Strictly Left – Right: William Gibson, Irene McNicol (now Pretty), Russell Harper, Cecil Paul, Dorothy Bartraw (McIntosh), Basil Paul, Mary Ellen (Gibson) Paul,John Harper, Effie Drysdale, Bob Drysdale, Joe Paul, Janet (Gunn) Gibson, Herbert Gibson.

Dorothy (Bartraw) McIntosh was a friend of the family. All others Drysdale, Harper, McNicol & Paul are connected to the Gibsons by marriage. Herbert Gibson, the young man on the far right, died of diabetes soon after the photo was taken. He is standing beside his mother, Janet (Gunn) Gibson. His father, William Gibson, is standing far left. Janet (Gunn) Gibson was a Gunn from Hopetown. William Gibson & Mary Ellen Paul were brother & sister. Mary Ellen was the mother of Cecil & Basil Paul and wife of Joe Paul. Brothers Russell & John Harper were nephews of William Gibson & Mary Ellen Paul.
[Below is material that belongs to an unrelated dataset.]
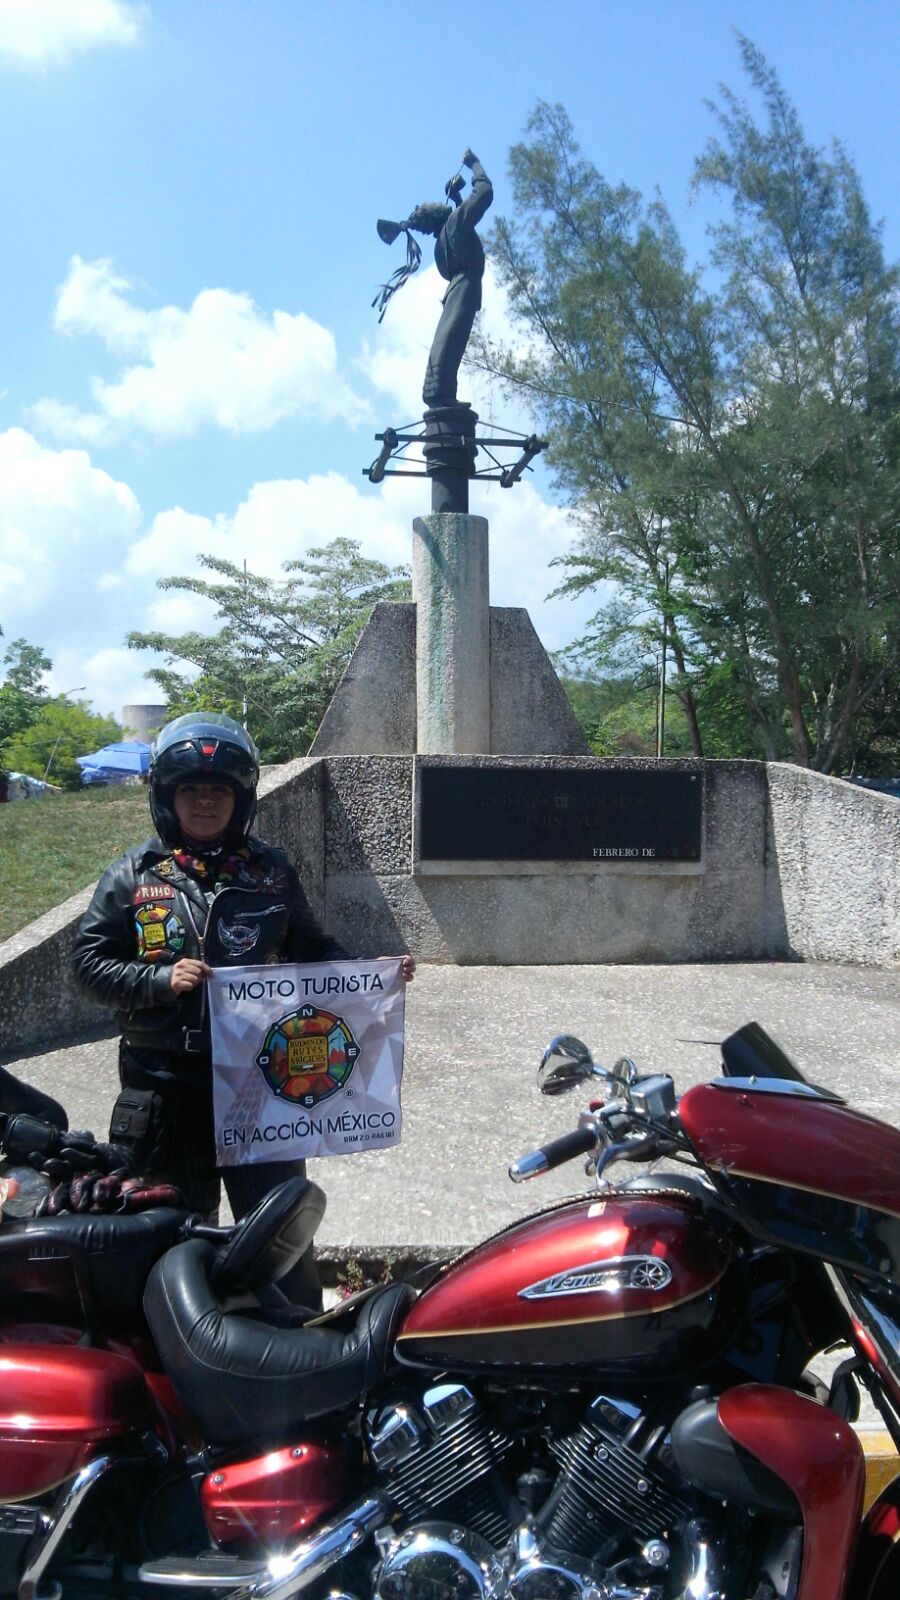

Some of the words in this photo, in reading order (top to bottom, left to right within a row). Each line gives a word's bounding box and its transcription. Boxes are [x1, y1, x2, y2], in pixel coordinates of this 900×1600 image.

Effie Drysdale was a niece of William Gibson & Mary Ellen Paul.

Joanne Park Huskilson says in part: ” There were 10 children in my grandfather’s (William Gibson’s) family and no matter where they lived in Canada or the US, they always considered Lammermoor their home. “


Many thanks to Ruth (Drysdale) Duncan for this photograph.
And thanks to Joanne Park Huskilson for most of the names, and for how everyone is related.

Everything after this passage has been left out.